This is the same storage efficiency we would expect from a mirror!

**Conclusion for datasets:**
If you have a 3-wide RAIDZ1 and only write huge files like pictures, movies, and songs, the efficiency loss gets negligible. For 4k files, RAIDZ1 only offers the same storage efficiency as mirror.

## ZVOL and volblocksize​

For Proxmox we mostly don't use datasets though. We use VMs with RAW disks that are stored on a Zvol.
For Zvols and their fixed volblocksize, it gets more complicated.

In the early days, the default volblocksize was 8k and it was recommended to turn off compression. Until very recently (2024) Proxmox used 8k with compression as default.
Nowadays, it is recommended to enable compression and the current default is 16k since OpenZFS v2.2. Some people in the forum even recommend going as high as 64k on SSDs.

In theory, you want to have writes that exactly match your volblocksize.
For MySQL or MariaDB, this would be 16k. But because you can't predict compression, and compression works very well for stuff like MySQL, you can't predict the size of the writes.
A larger volblocksize is good for mostly sequential workloads and can gain compression efficiency.
Smaller volblocksize is good for random workloads, has less IO amplification, and less fragmentation, but will use more metadata and have worse space efficiency.
We look at the different volblocksizes and how they behave on different pools.

### volblocksize 16k​

This is the default size for openZFS since 2.2.

#### RAIDZ1 with 3 drives
With 3 drives, we get a stripe that is 3 drives wide.
Each stripe has two 4k data sectors (8k) and one 4k parity sector.
For a volblock of 16k, we need two stripes, because one stripe stores 8k data and two stripes will store the needed 16k (16k/8k).
Each stripe has two 4k data sectors, two stripes are in total 16k.
Each stripe has one 4k parity sector, two stripes are in total 8k.
That gets us to 24k in total to store 16k.
24k is 6 sectors and that can be divided by 2 so there is no padding needed.
Storage efficiency is 66.66%, as expected.

#### RAIDZ1 with 4 drives
With 4 drives, we get a stripe 4 drives wide.
Each stripe has three 4k data sectors (12k) and one 4k parity sector.
For a volblock of 16k, we need 1.33 stripes (16k/12k).
The first stripe has three 4k data sectors, in total 12k.
The first stripe also has one 4k sector for parity.
The second stripe has one 4k data sector.
The second stripe also has one 4k sector for parity.
In total, we have four 4k data sectors and two 4k parity sectors.
That gets us to 24k in total to store 16k.
24k is 6 sectors and that can be divided by 2 so there is no padding needed.
We expected a storage efficiency of 75%, but only got 66.66%!

#### RAIDZ1 with 5 drives
With 5 drives, we get a stripe 5 drives wide.
Each stripe has four 4k data sectors (16k) and one 4k parity sector.
For a volblock of 16k, we need 1 stripe (16k/16k).
In total, we have four 4k data sectors and one 4k parity sector.
That gets us to 20k in total to store 16k.
20k is 5 sectors and that can't be divided by 2 so there is an additional padding sector needed.
That gets us to 24k in total to store 16k.
We expected a storage efficiency of 80%, but only got 66.66%!

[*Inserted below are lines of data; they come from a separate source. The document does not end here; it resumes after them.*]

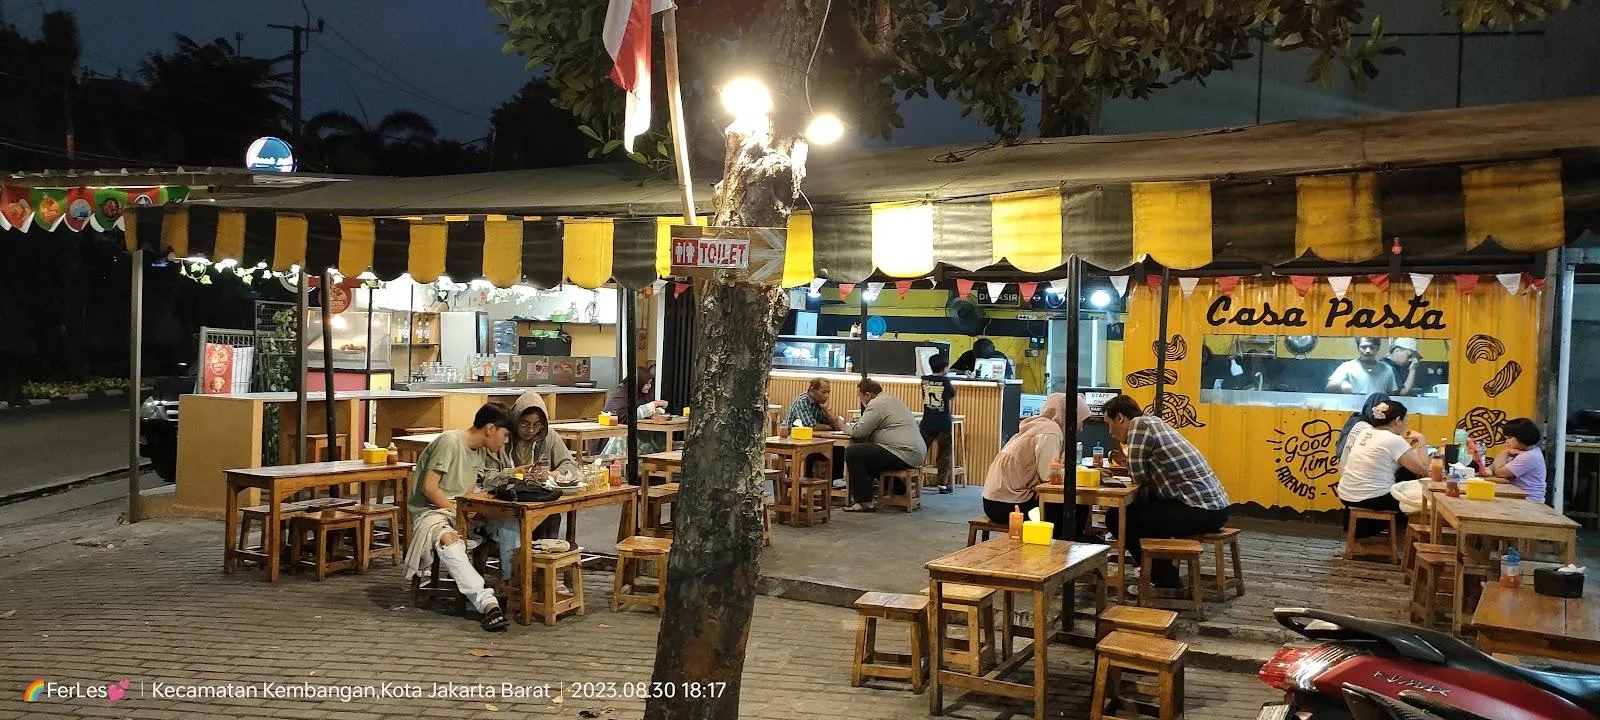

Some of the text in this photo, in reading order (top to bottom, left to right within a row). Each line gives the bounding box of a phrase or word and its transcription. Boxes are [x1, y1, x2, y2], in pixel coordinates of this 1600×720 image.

[700, 243, 746, 265] TOILET
[999, 293, 1018, 301] ASIR
[1206, 295, 1447, 330] Casa Pasta
[1284, 419, 1341, 462] Good
[1297, 449, 1340, 480] Time
[1275, 466, 1316, 500] FRIENDS
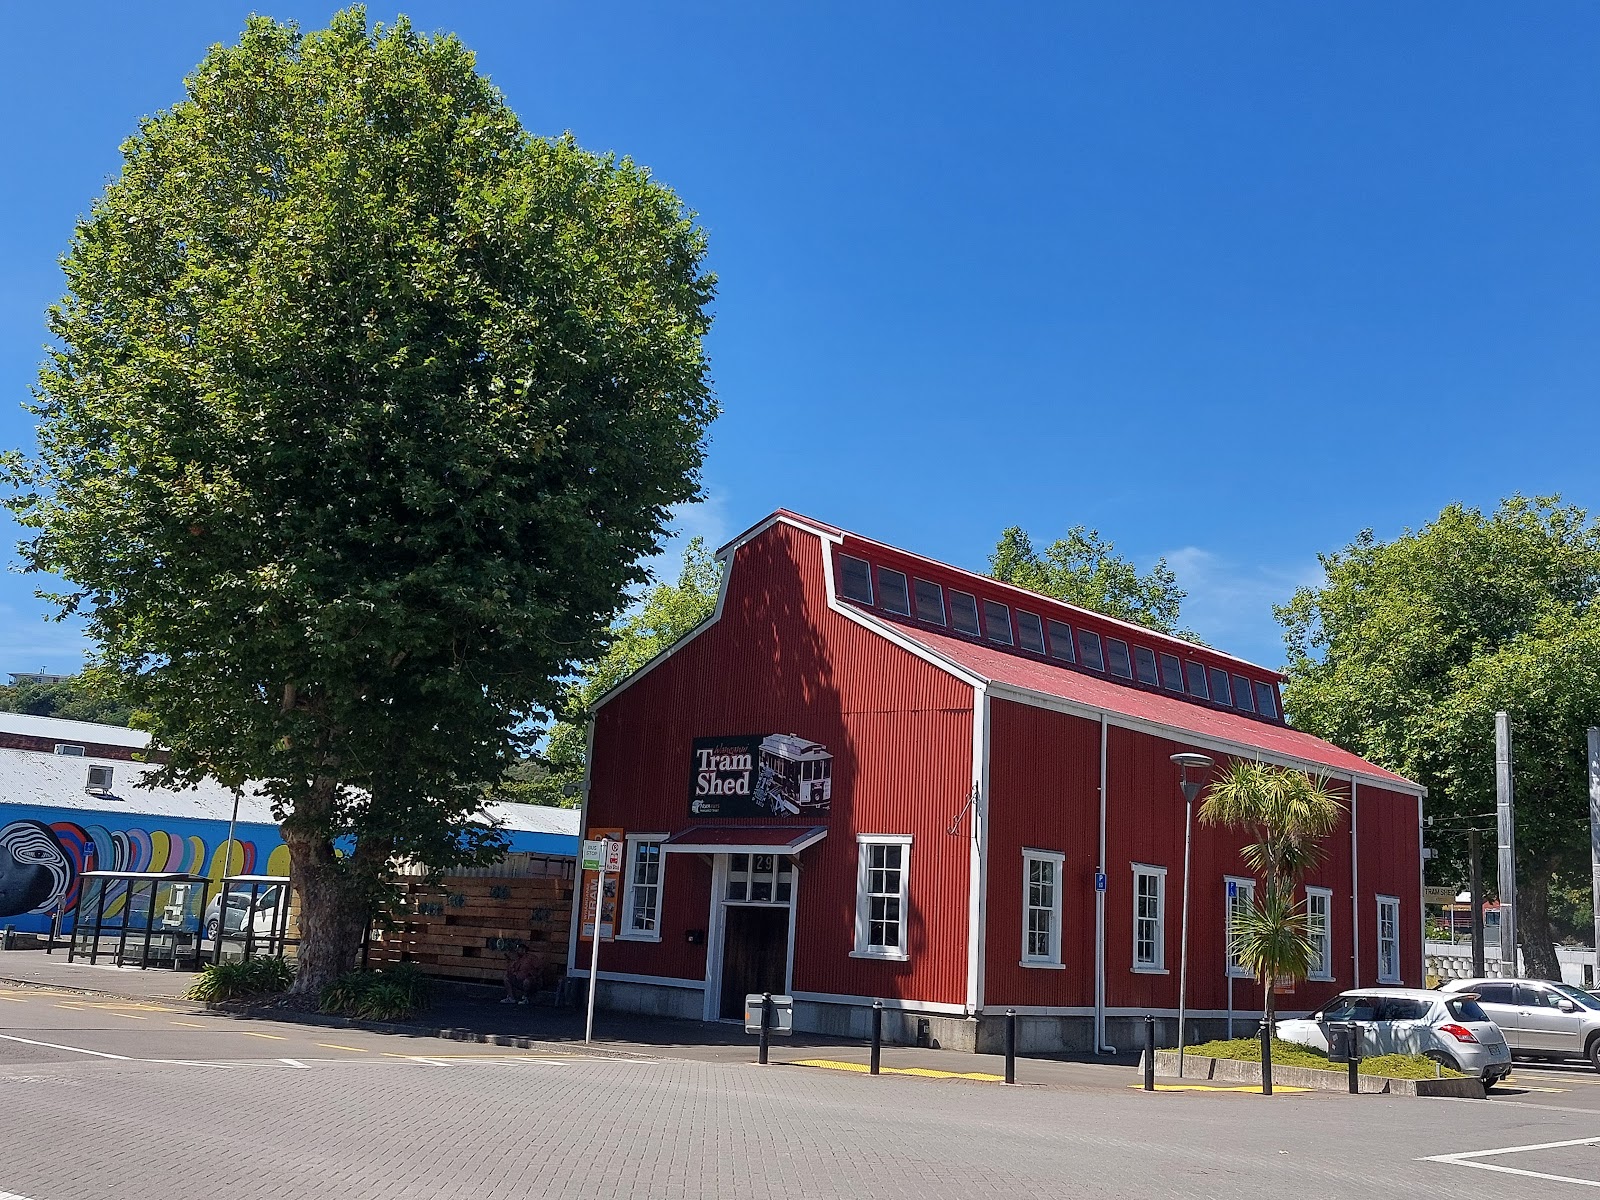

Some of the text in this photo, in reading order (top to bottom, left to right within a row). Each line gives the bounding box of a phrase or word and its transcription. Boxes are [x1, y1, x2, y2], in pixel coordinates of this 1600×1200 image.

#### RAIDZ1 with 10 drives
With 10 drives, we get a stripe 10 drives wide.
That 10 drives wide stripe in theory would get us 9 data sectors and one parity sector.
A single stripe could thous hold 9 * 4k = 36k.
But that is no of no use to us, we only need 16k!
ZFS will shorten the stripes.
For a volblock of 16k, we need one stripe with 4 data sectors and one parity sector.
In total, we have four 4k data sectors and one 4k parity sector.
The stripe is only 5 drives wide.
That gets us to 20k in total to store 16k.
20k is 5 sectors and that can't be divided by 2 so there is an additional padding sector needed.
That gets us to 24k in total to store 16k.
We expected a storage efficiency of 90%, but only got 66.66%!

Notice something? No matter how wide we make the RAIDZ1, there are no efficiency gains beyond 5 drives. This is because we can't make the stripe any wider, no matter how wide we make your RAIDZ1. Because of padding, even going from 4 to 5 drives wide does not help with storage efficiency.

#### RAIDZ2 with 4 drives
With 4 drives, we get a stripe 4 drives wide.
Each stripe has two 4k data sectors and two 4k parity sectors.
For a volblock of 16k, we need two stripe (16k/8k = 2).
That gets us to 32k in total to store 16k.
32k is 8 sectors and that can't be divided by 3 so there is padding needed.
We need another padding sector to get to 9 sectors total.
9 sectors can be divided by 3.
That gets us to 36k in total to store 16k.
We expected a storage efficiency of 50%, but only got 44.44%!
That is WORSE than mirror!

#### RAIDZ2 with 5 drives
With 5 drives, we get a stripe 5 drives wide.
Each stripe has three 4k data sectors and two 4k parity sectors.
For a volblock of 16k, we need 1.33 stripes (16k/12k).
The first stripe has three 4k data sectors, in total 12k.
The first stripe also has two 4k sectors for parity.
The second stripe has one 4k data sector.
The second stripe also has two 4k sectors for parity.
In total, we have four 4k data sectors and four 4k parity sectors.
That gets us to 32k in total to store 16k.
32k is 8 sectors and that can't be divided by 3 so there is padding needed.
We need another padding sector to get to 9 sectors total.
9 sectors can be divided by 3.
That gets us to 36k in total to store 16k.
We expected a storage efficiency of 60%, but only got 44.44%!
That is WORSE than mirror!

#### RAIDZ2 with 6 drives
With 6 drives, we get a stripe 6 drives wide.
Each stripe has four 4k data sectors and two 4k parity sectors.
For a volblock of 16k, we need one stripe (16k/16k = 1).
That gets us to 24k in total to store 16k.
24k is 6 sectors and that can be divided by 3 so there is no padding needed.
We expected a storage efficiency of 66.66%, and got 66.66%!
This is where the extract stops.